Congress has until January 30 to pass a spending resolution to avoid another partial government shutdown.
These are some things federal employees should know with the possibility of another shutdown looming.
Back Pay
While a shutdown may cause a disruption to regular paychecks, federal employees will ultimately be paid. This is because of the Government Employee Fair Treatment Act (S. 24), a 2019 law that requires federal employees who are furloughed or required to work during a lapse in appropriations resulting from a government shutdown to be compensated for the period of the lapse.
According to guidance from the Office of Personnel Management (OPM), back pay will be provided as soon as possible to employees once funding is restored by Congress. It states, “Retroactive pay will be provided on the earliest date possible after the lapse ends, regardless of scheduled pay dates. (See 31 U.S.C. 1341(c)(2).) If retroactive pay cannot be provided by the normal pay date for the given pay period, it will be provided as soon as possible thereafter.”
This applies to both federal employees who have to work during a shutdown and those that are furloughed.
Other Benefits
Coverage under the Federal Employees Health Benefits (FEHB) program continues during a government shutdown, and agencies continue to process FEHB transactions as well. The same is true for the Federal Employees Dental and Vision Insurance Program (FEDVIP).
In the event that the shutdown is a long one, federal employees will automatically begin to repay their share of FEHB and FEDVIP premiums that accumulated during the lapse in appropriations through payroll withholding.
Federal Long Term Care Insurance Program (FLTCIP) coverage does not stop during a government shutdown. Premiums will be paid from retroactive pay after the shutdown concludes, or they can be paid back from another source (i.e., automatic bank withdrawal) for FLTCIP enrollees who elected to make payments directly to the Carrier.
For FSAFEDS, employees remain enrolled, payroll deductions stop during non-pay status, and claims for eligible expenses will be reimbursed upon return to pay status after the shutdown ends.
The Thrift Savings Plan itself is not impacted by a shutdown and continues its normal daily operations.
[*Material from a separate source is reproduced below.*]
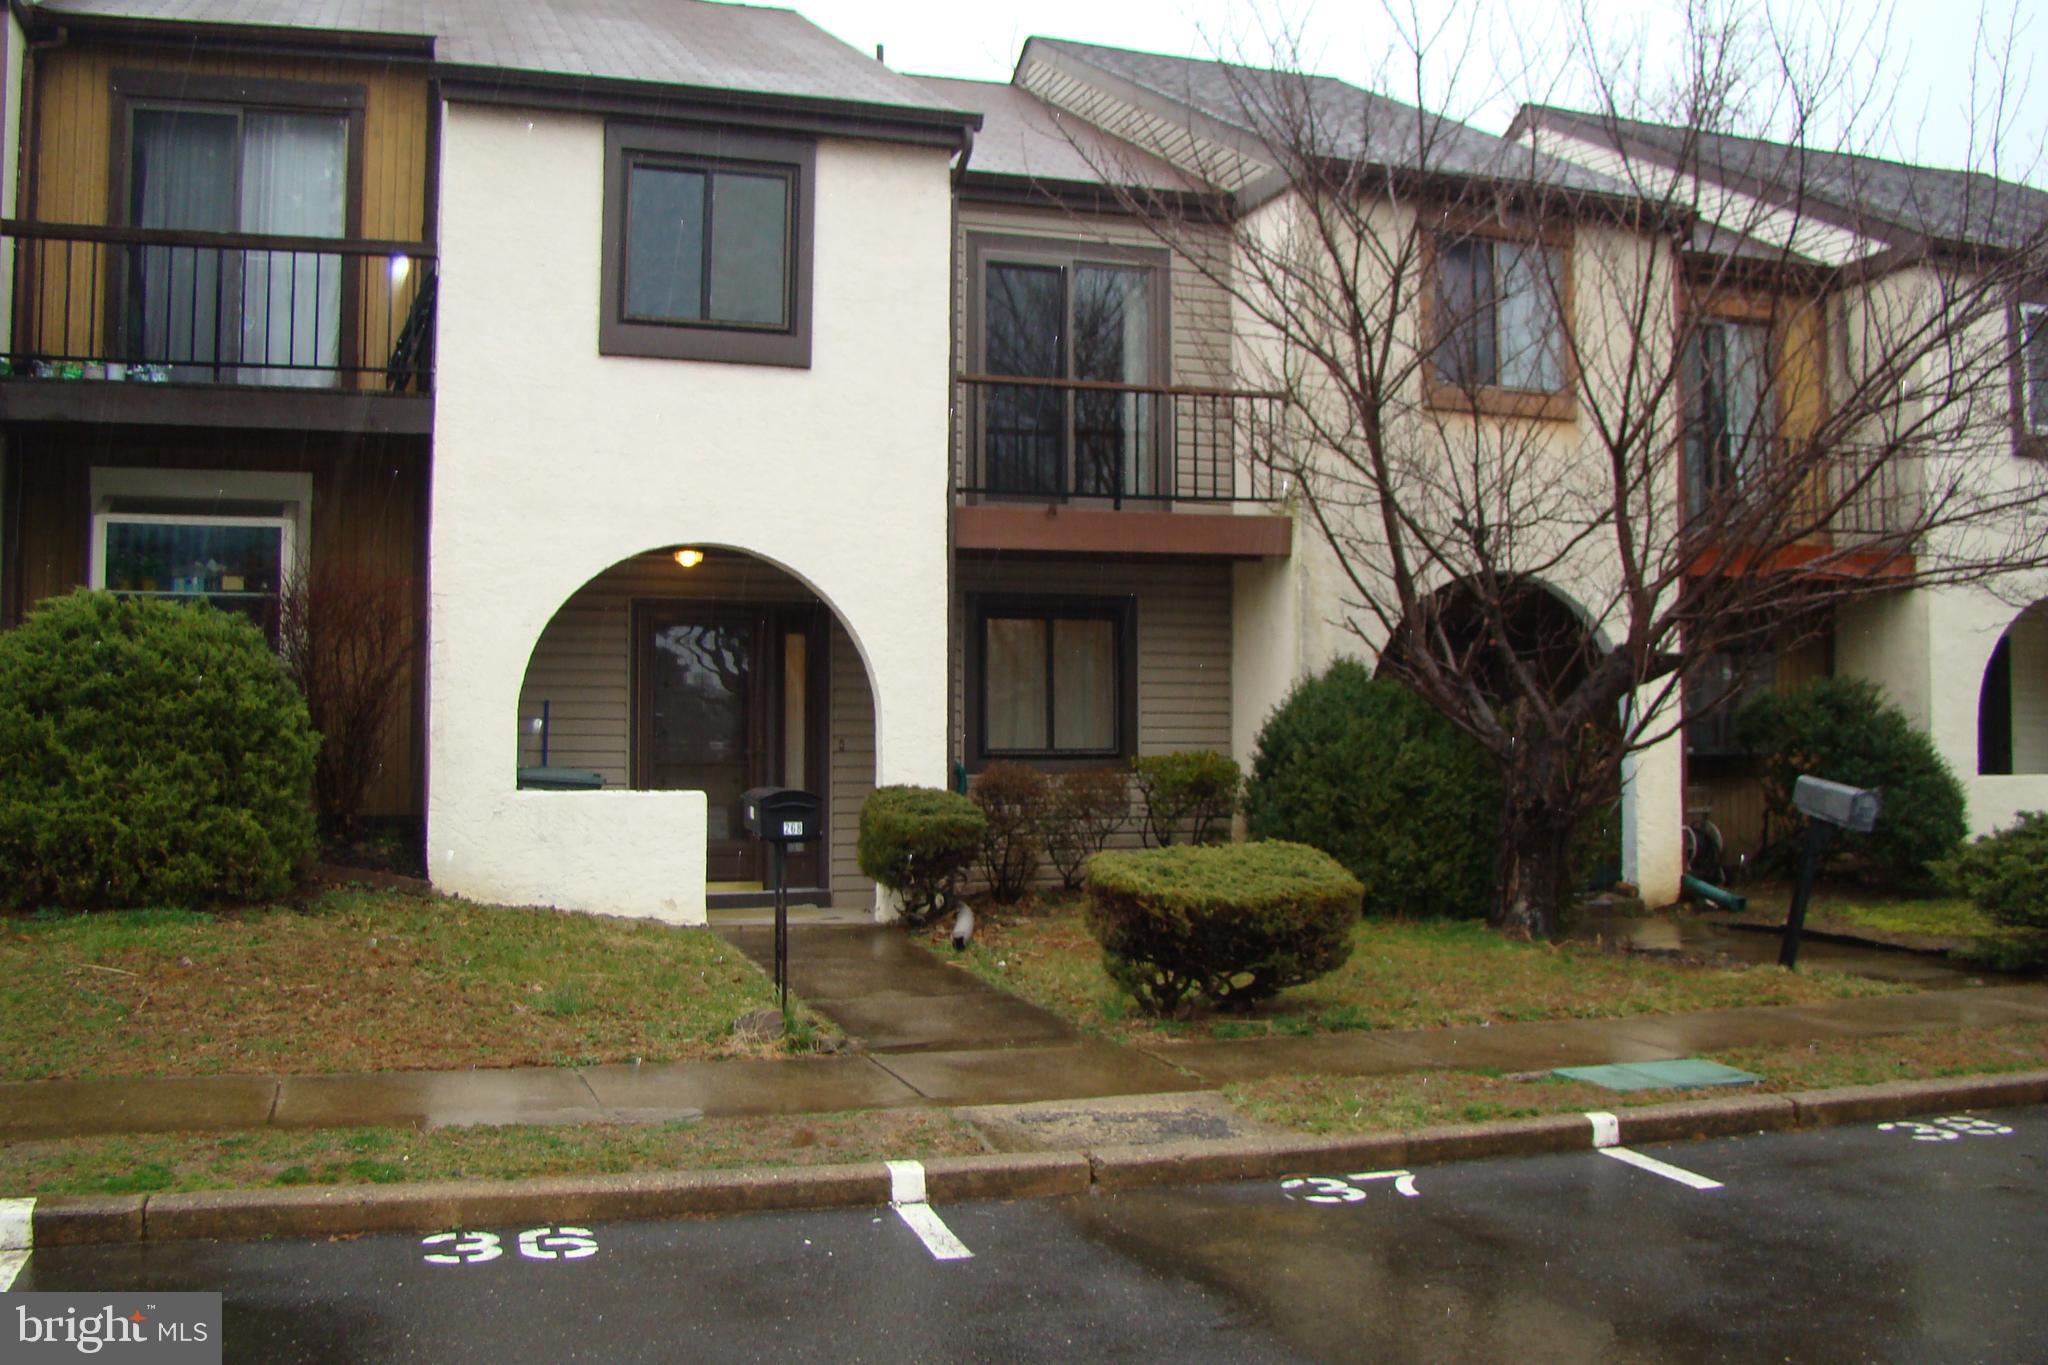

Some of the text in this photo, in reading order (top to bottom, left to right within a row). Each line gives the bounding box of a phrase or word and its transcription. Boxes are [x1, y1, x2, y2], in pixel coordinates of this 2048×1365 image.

If participants have TSP loans, they are kept in good standing during the shutdown. The TSP’s call center will remain open and all the usual transactions available to participants will still be available.
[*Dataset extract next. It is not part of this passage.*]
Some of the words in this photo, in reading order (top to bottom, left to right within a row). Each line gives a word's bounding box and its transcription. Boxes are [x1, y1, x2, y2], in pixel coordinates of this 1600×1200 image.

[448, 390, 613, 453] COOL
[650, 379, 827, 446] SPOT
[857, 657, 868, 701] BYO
Although the TSP itself is not impacted, contributions can be disrupted in the event of a long shutdown. Because federal employees are not getting paid during a government shutdown, TSP contributions stop, and for federal employees under FERS, agency matching contributions stop as well. However, TSP contributions will resume automatically once the shutdown ends and pay resumes.
Annual and Sick Leave
According to OPM, any leave that federal employees previously had scheduled during the period of the lapse in appropriations is canceled, so they will not be charged leave in those cases.
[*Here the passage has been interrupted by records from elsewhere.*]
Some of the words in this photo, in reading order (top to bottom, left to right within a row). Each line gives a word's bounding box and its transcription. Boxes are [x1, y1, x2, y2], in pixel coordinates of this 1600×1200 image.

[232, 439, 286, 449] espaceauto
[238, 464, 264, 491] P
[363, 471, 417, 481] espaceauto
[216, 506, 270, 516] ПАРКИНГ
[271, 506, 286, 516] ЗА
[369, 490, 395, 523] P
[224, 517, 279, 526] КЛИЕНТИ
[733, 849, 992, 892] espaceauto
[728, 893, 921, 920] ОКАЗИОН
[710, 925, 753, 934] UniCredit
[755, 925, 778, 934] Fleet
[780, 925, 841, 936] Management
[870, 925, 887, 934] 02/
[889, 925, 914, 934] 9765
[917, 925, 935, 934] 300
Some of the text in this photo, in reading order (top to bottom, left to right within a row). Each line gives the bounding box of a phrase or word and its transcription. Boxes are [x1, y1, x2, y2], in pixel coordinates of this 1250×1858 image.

If a federal employee had properly scheduled “use-or-lose” annual leave that he or she was not able to use because of the lapse in appropriations, that leave must be restored. The employee’s agency will provide instructions for any action that the employee may need to take in this situation.
Both furloughed and excepted federal employees will receive credit for any annual and sick leave they would have otherwise accrued during the period of the government shutdown once Congress restores appropriations.
Excepted employees may request approval to use paid leave during a shutdown, but OPM notes that this is generally not expected. Instead, it makes more sense for agencies to place excepted employees in furlough status during approved absences, since they are entitled to retroactive pay without being charged leave.
Agencies may also use workplace flexibilities to accommodate off-duty time. If paid leave is requested under 31 U.S.C. 1341(c)(3), it must follow normal leave approval procedures, and payment will still be delayed until after the lapse ends. Unauthorized absences during a shutdown may result in AWOL status, which is not eligible for retroactive pay.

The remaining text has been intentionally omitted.